> Problem
Output each line from the one that contains "Some of the words" to the final line of the data below, exactly, and include nothing else.

> Available data

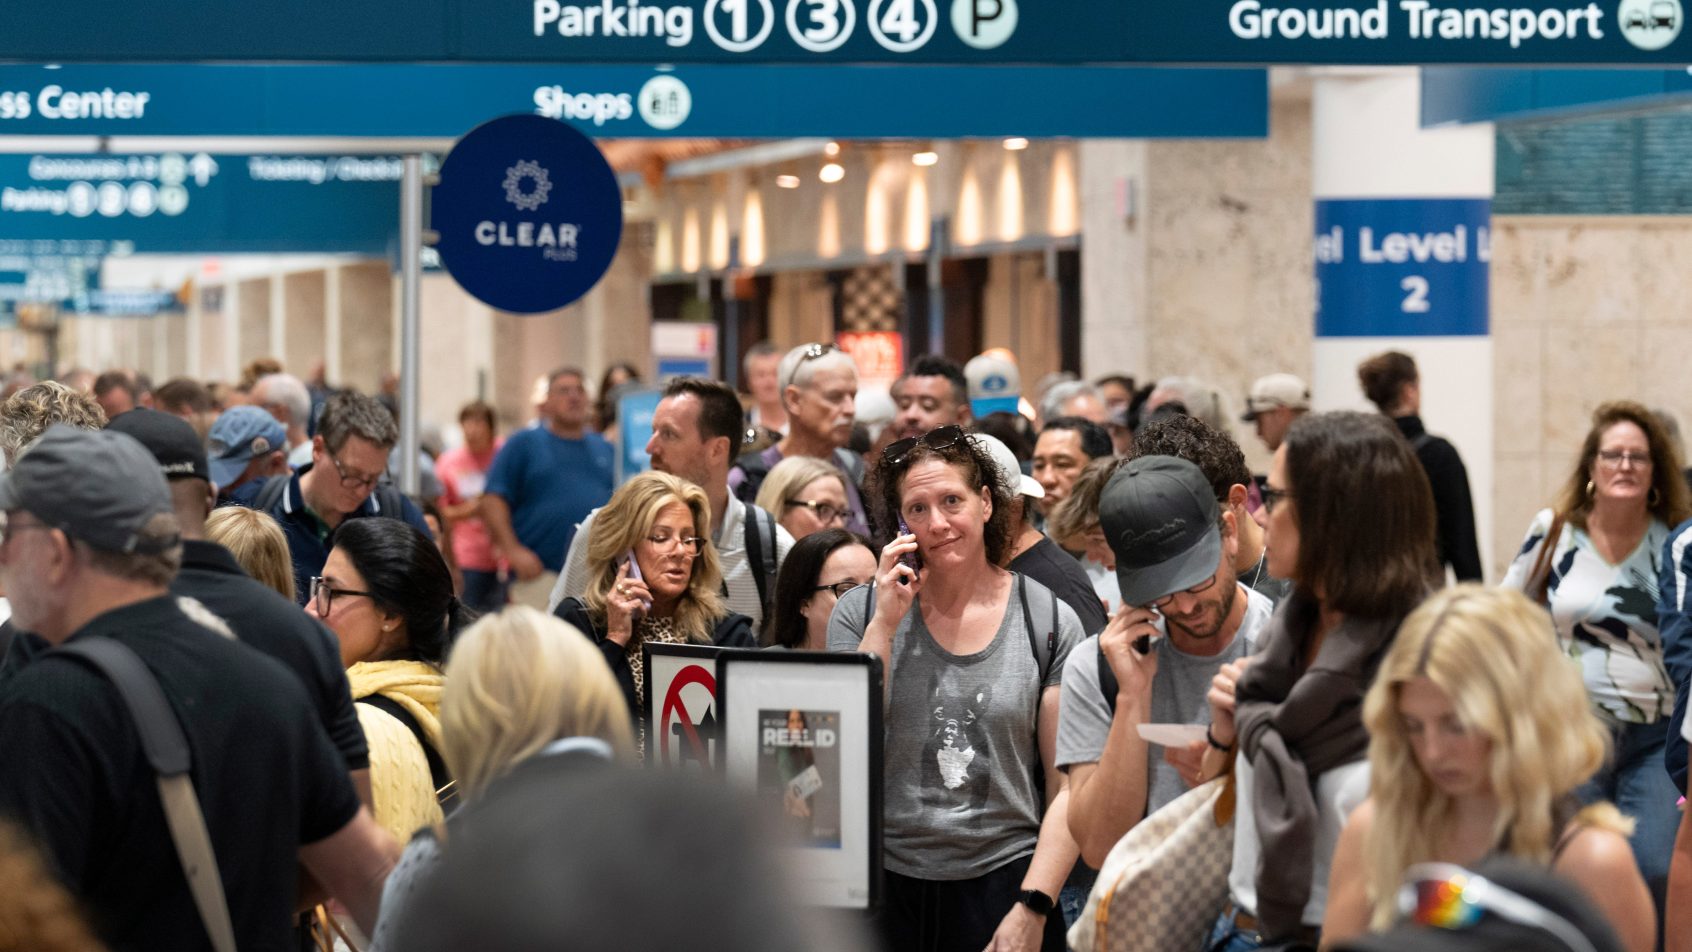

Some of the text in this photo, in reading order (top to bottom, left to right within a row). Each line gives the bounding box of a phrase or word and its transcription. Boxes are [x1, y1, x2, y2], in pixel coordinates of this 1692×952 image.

[533, 0, 694, 47] Parking
[1228, 0, 1605, 48] Ground Transport
[37, 84, 151, 119] Center
[533, 85, 633, 126] Shops
[474, 220, 579, 248] CLEAR
[1359, 224, 1467, 263] Level
[1401, 275, 1430, 313] 2
[763, 727, 836, 748] REAL ID
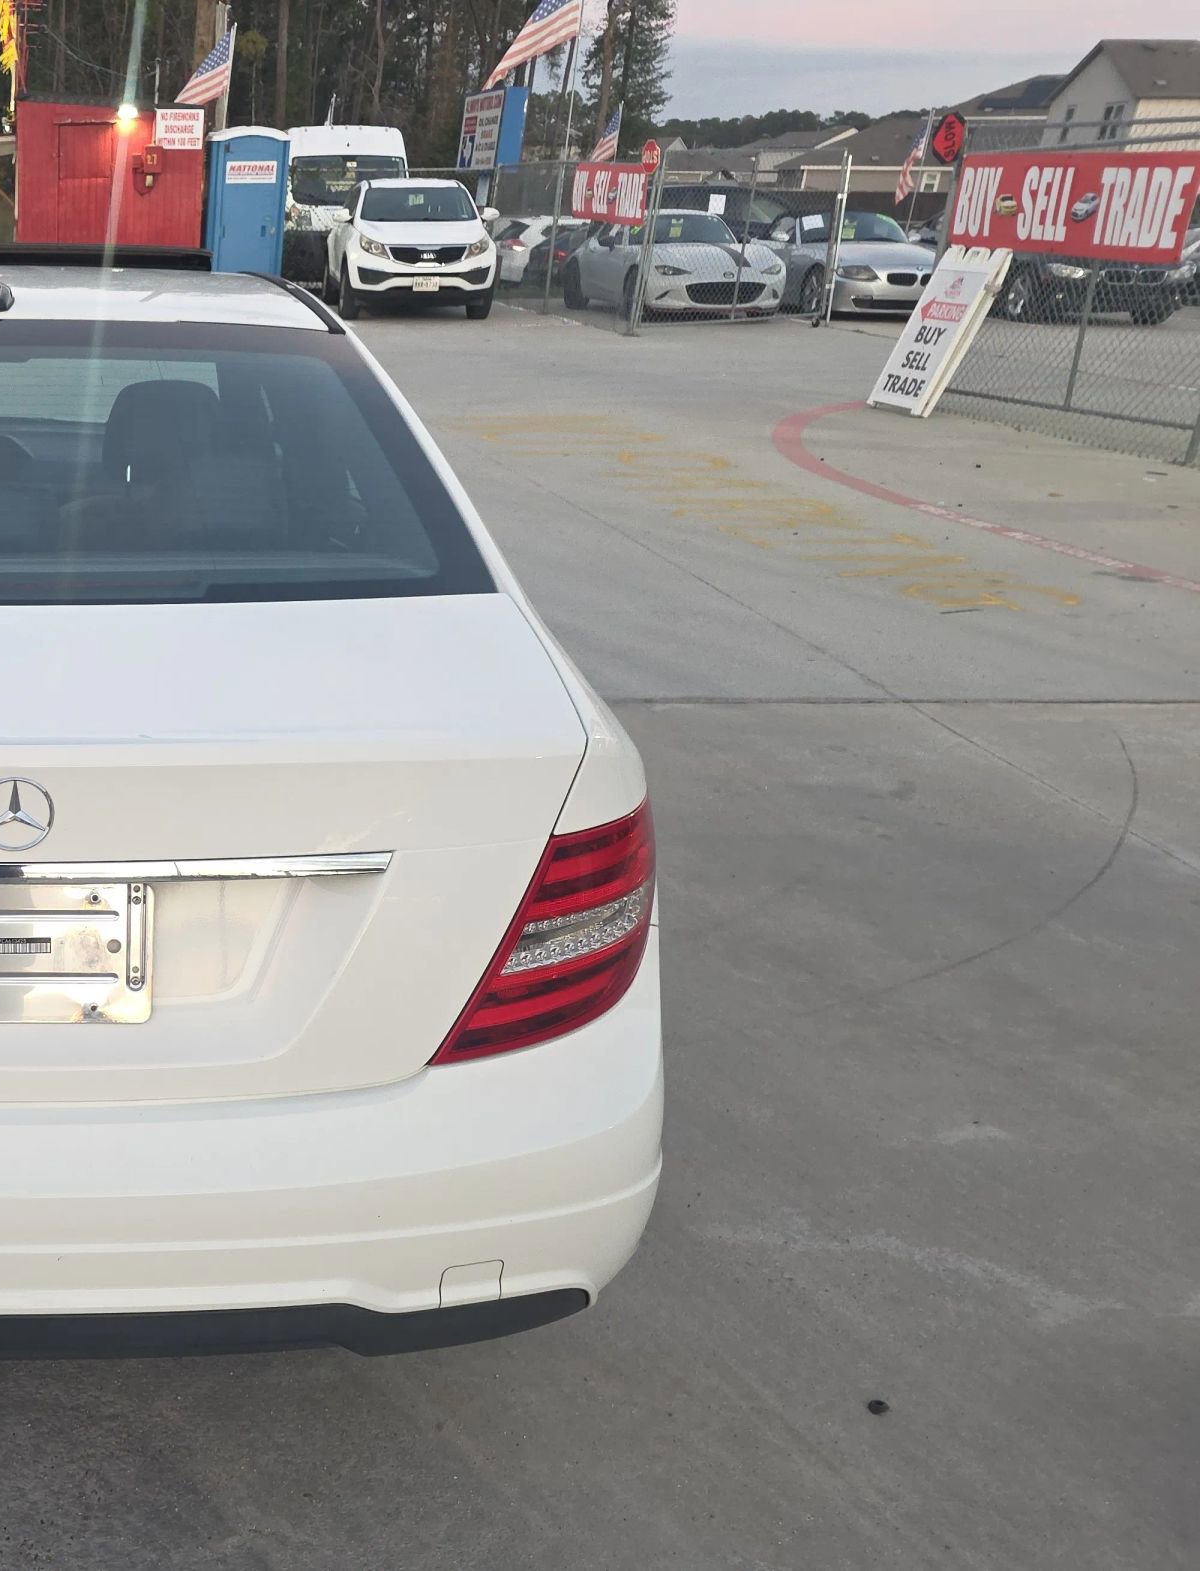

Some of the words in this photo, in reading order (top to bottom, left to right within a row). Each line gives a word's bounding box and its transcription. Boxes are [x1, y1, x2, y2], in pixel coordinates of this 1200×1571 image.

[160, 112, 168, 121] NO
[169, 112, 200, 121] FIREWORKS
[164, 125, 194, 134] DISCHARGE
[943, 119, 956, 160] SLOW
[187, 137, 200, 146] FEET
[229, 164, 274, 172] NATIONAL
[572, 170, 589, 213] BUY
[592, 170, 612, 214] SELL
[615, 172, 646, 218] TRADE
[952, 167, 1003, 237] BUY
[1016, 165, 1075, 242] SELL
[1092, 166, 1195, 249] TRADE
[926, 302, 966, 321] PARKING
[914, 325, 947, 346] BUY
[901, 350, 931, 371] SELL
[882, 373, 926, 398] TRADE

> Your solution
Some of the words in this photo, in reading order (top to bottom, left to right within a row). Each line gives a word's bounding box and its transcription. Boxes are [x1, y1, x2, y2], in pixel coordinates of this 1200×1571 image.

[160, 112, 168, 121] NO
[169, 112, 200, 121] FIREWORKS
[164, 125, 194, 134] DISCHARGE
[943, 119, 956, 160] SLOW
[187, 137, 200, 146] FEET
[229, 164, 274, 172] NATIONAL
[572, 170, 589, 213] BUY
[592, 170, 612, 214] SELL
[615, 172, 646, 218] TRADE
[952, 167, 1003, 237] BUY
[1016, 165, 1075, 242] SELL
[1092, 166, 1195, 249] TRADE
[926, 302, 966, 321] PARKING
[914, 325, 947, 346] BUY
[901, 350, 931, 371] SELL
[882, 373, 926, 398] TRADE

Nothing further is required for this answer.